You are a kid. Or you were once a kid. Perhaps you even have a kid of your own. Regardless, you’ve been there: that awful moment when your parents tell you that it’s time to turn off the TV, to use your imagination, to go outside, to do anything else but sit there staring at the screen.
Such a moment presented itself in our household recently. We pressed the “off,” button and the screen went dark. We issued the above directive to the three small people who live in our house.
The three of them huddled in a conspiratory way. Robbi and I exchanged a worried glance. Was the revolution afoot?
But no. Moments later, they grabbed markers and paper and cardboard and scissors and set about the glorious act of making stuff. We were pleased. Here was the proof that we were doing something right. We heaved sighs of relief and left the room to tend to other business while the act of creation played itself out in the living room.
When we came back some 20 minutes later, we were in for a surprise.
A cardboard strip had been transformed. A paper circle had larger implications.
We watched as Kato loaded his “movie” into the “DVD slot” on the front of their “TV.”
Perhaps you will notice that what is showing above is the scene from Augie’s drawing. It was a full-blown conspiracy, neatly triangulated, in which each kid played a part.

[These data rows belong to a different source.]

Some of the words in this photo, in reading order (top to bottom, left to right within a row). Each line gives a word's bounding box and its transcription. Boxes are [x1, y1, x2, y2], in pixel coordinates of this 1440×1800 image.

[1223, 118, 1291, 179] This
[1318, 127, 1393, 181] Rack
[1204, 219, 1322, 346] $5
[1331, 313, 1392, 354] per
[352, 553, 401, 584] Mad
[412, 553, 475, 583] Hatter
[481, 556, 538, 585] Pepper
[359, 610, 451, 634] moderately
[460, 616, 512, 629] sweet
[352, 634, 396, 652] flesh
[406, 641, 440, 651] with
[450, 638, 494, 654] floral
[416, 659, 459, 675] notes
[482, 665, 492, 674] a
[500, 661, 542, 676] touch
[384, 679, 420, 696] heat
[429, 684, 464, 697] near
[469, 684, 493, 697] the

At the conclusion of the show about the incomprehensible squiggle, there was another show about a tiger-like creature with a banana. Or was it a boomerang? I do not know. We were too stunned to ask.
We sat there watching as the kids watched their creation — giggling, enthralled, triumphant.
As far as I know, they are sitting there watching it still. And what can we do about it, really?
There may be no clearer example of weaponized imagination.